#### Task inputs:
■ ■ ■ ■ ■ ■ ■

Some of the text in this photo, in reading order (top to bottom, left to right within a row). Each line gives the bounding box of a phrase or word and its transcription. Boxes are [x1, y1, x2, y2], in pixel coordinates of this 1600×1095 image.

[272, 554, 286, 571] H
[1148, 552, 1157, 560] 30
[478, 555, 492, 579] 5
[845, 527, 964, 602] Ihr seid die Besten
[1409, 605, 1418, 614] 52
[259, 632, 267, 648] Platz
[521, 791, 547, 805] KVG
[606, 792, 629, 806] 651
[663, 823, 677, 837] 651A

■ ■ ■ ■ ■ ■ ■

#### What is required:
Repeat every record above exactly as it appears.

#### Answer for the task:
Some of the text in this photo, in reading order (top to bottom, left to right within a row). Each line gives the bounding box of a phrase or word and its transcription. Boxes are [x1, y1, x2, y2], in pixel coordinates of this 1600×1095 image.

[272, 554, 286, 571] H
[1148, 552, 1157, 560] 30
[478, 555, 492, 579] 5
[845, 527, 964, 602] Ihr seid die Besten
[1409, 605, 1418, 614] 52
[259, 632, 267, 648] Platz
[521, 791, 547, 805] KVG
[606, 792, 629, 806] 651
[663, 823, 677, 837] 651A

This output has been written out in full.